Screening the patients’ documents in our retrospective study, there was no gastrointestinal bleeding in patients with downhill varices regardless of whether they had vena cava superior syndrome or not. A possible explanation could be that patients were endoscopied routinely because of other indications and downhill varices were found incidentally. If patients with superior vena cava syndrome were included in the study, in particular, the bleeding rate would have been higher. Because of lacking gastrointestinal bleeding among the screened cases, accordingly, there were not any therapeutical interventions done. The necessary interventions to solve the superior vena cava obstruction were performed by the concerned departments (interventional radiology, cardiology, vascular, and thorax surgery); for example, there was performed a stent implantation into the superior vena cava [4, 6]. In cases of primer downhill varices without upper gastrointestinal bleeding, treatment is not necessary. Additionally, as the primary cause is treated in patients with downhill varices related to vena cava superior syndrome, varices regress. Because it is out of concern, we do not refer. There were not any differences regarding the size of the varices between the groups. None of the patients had “uphill varices” in the distal esophagus nor cirrhosis of the liver. We observed that there was not any significant increase in the size of the varices in 27 patients in the primary group, who were reendoscopied 5 years later.

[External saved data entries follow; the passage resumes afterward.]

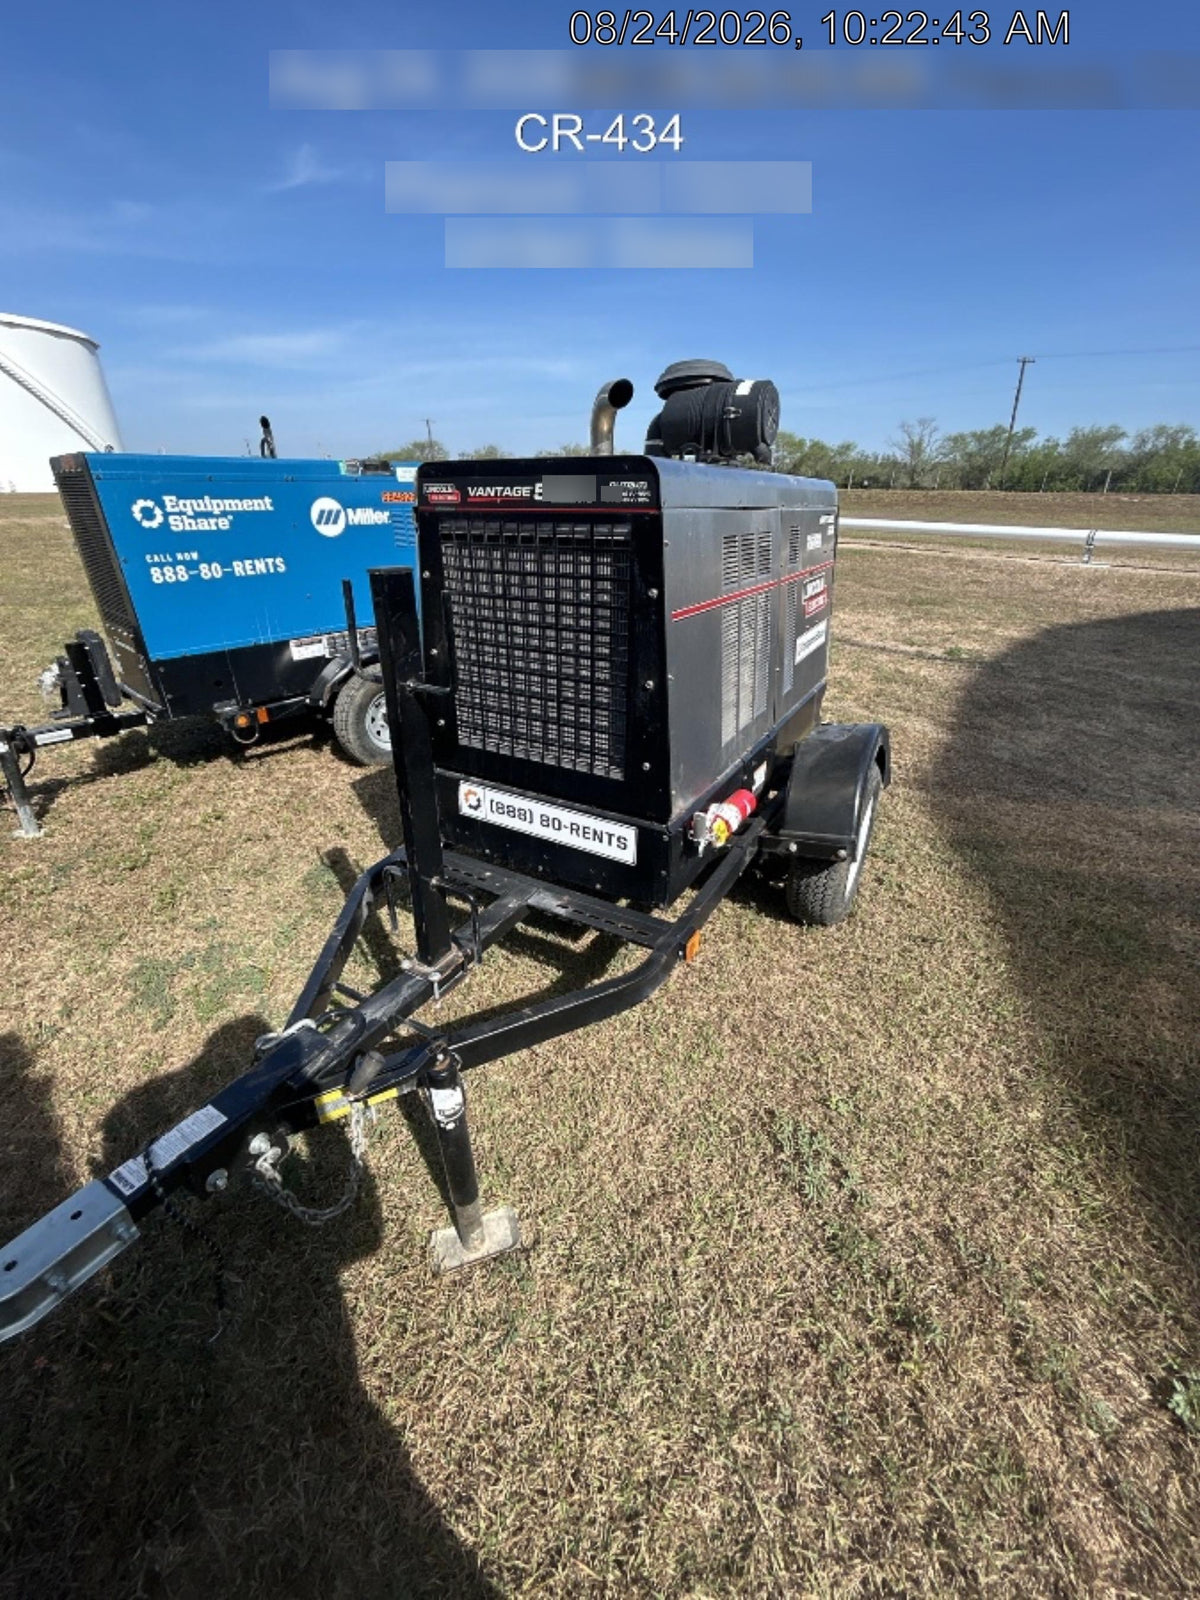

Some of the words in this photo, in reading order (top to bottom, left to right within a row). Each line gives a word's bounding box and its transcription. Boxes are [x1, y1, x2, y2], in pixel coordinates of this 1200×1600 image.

[467, 485, 531, 498] VANTAGE
[162, 495, 274, 514] Equipment
[168, 515, 232, 531] Share
[347, 507, 390, 526] Miller
[145, 553, 173, 563] CALL
[176, 551, 199, 561] NOW
[150, 557, 286, 584] 888-80-RENTS
[490, 799, 533, 824] (888)
[540, 814, 628, 850] 80-RENTS
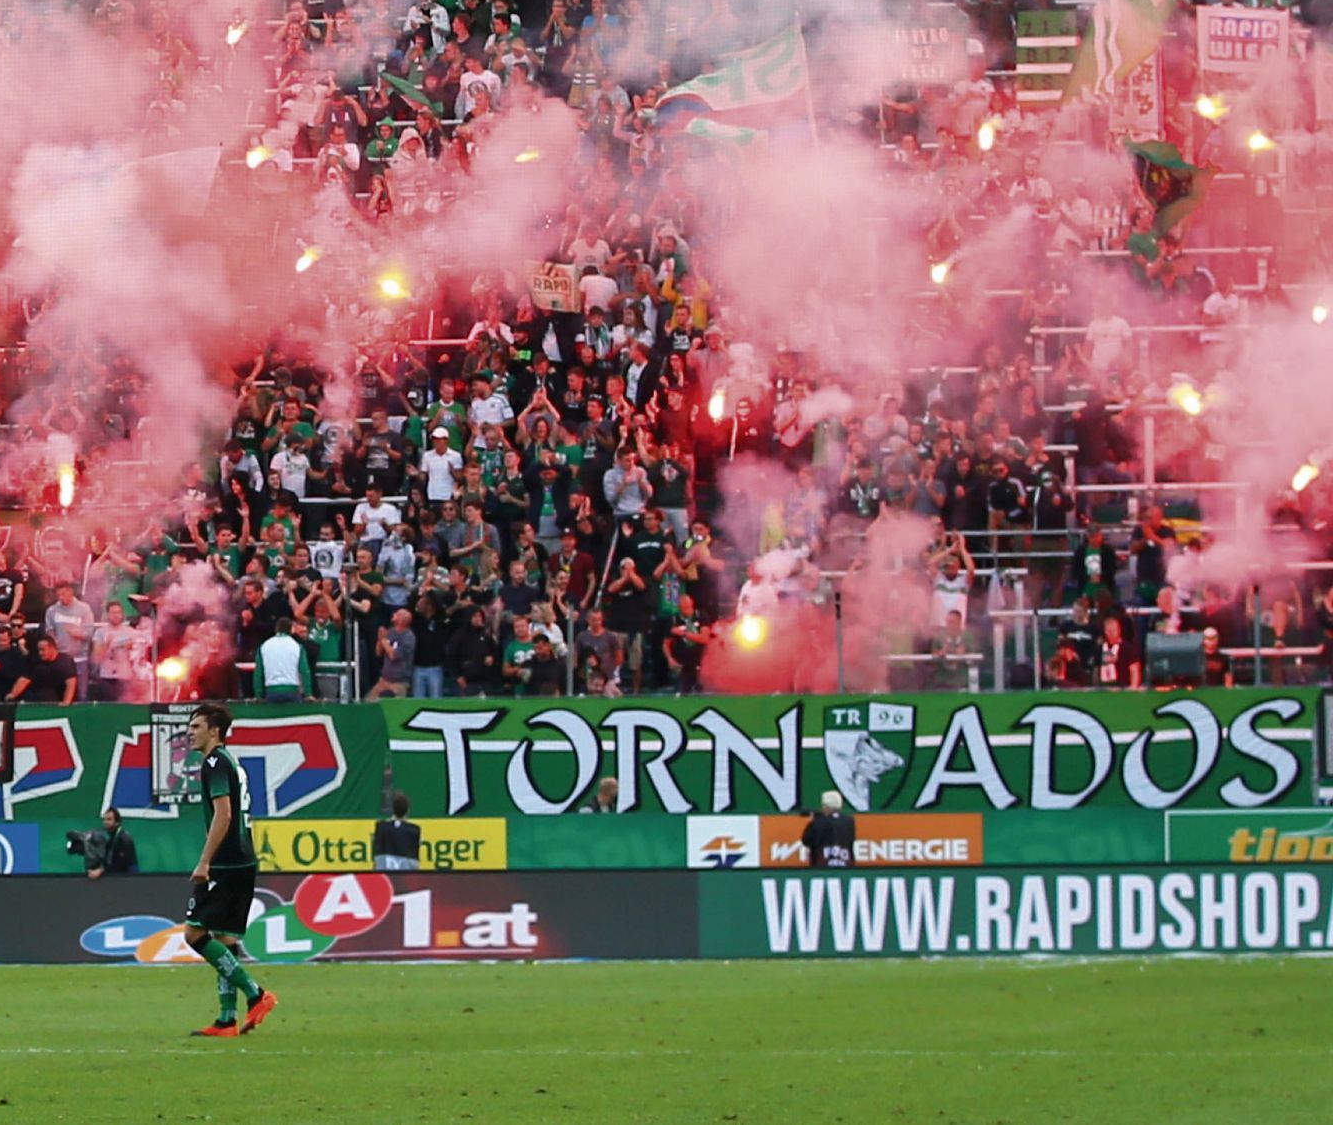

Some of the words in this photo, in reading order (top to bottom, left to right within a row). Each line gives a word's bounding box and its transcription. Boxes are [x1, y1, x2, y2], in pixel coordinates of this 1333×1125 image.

[1210, 17, 1279, 39] RAPID
[831, 708, 861, 725] TR
[291, 830, 486, 869] Ottanger
[853, 838, 969, 860] ENERGIE
[761, 872, 1333, 952] WWW.RAPIDSHOP.

Downhill varices bleed less frequently than uphill varices. A possible explanation for this fact could be that portal hypertensive varices are related with coagulation disorders and are exposed to erosions because of gastroesophageal reflux. Furthermore, veins in the distal esophagus are running in the mucosal layer, whereas veins of the upper esophagus are submucosal.

The banding of the downhill varices is the therapeutic consequence. Although our long-term and wide-ranging study involves 25680 endoscopic scanning procedures, it is a retrospective study and there is no treatment applied by the authors. These factors can be seen as limitations.

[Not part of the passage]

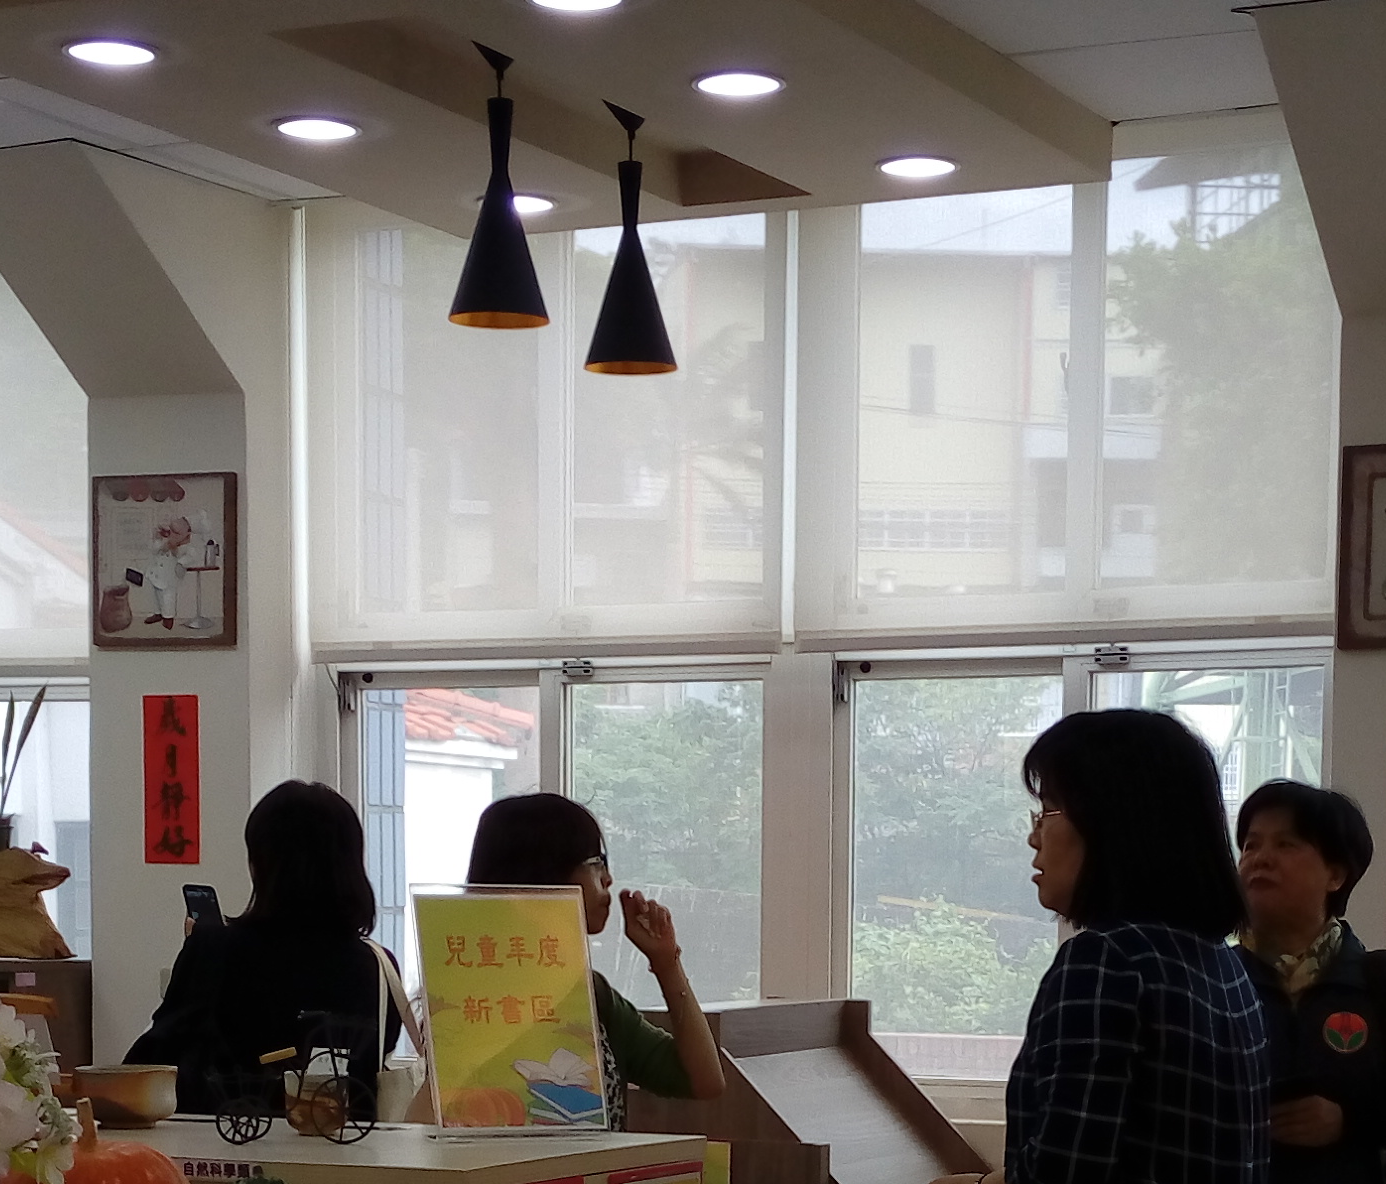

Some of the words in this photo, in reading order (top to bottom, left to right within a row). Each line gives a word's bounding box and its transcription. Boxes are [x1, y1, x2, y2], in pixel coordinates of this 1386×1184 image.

[444, 934, 567, 968] 兒童年度
[463, 994, 561, 1025] 新書區
[183, 1161, 251, 1179] 自然科學類

The description of downhill varices is diagnostically useful and should be enforced, because almost 50% of the patients have a relevant underlying cause for downhill varices. In cases with none of the reported origins, a diagnostic workup with endoscopy/endosonography, duplex-sonography of the veins of the throat, transesophageal echocardiography, sonography of the thyroid/throat and computer-tomography of the thorax/throat (mediastinal tumors, venography), or nuclear magnetic resonance with reconstruction of vessels is recommended.

In conclusion, downhill varices can be observed in approximately 0.5% of all diagnostic routine upper gastrointestinal endoscopies. Prognosis is very good in primary downhill varices, but prognosis of downhill varices related to vena cava superior syndrome may be very poor. Treatment possibilities in the cases of bleeding of downhill varices are the band ligation and sclerotherapy.

Additionally, we can state that downhill varices conduct benign origins and rarely lead to clinical serious conditions. Nevertheless, it should memorized that it can rarely result in life-threatening bleeding complications.

Conflicts of Interest

All of the authors declare that they have no financial disclosure or competing interests.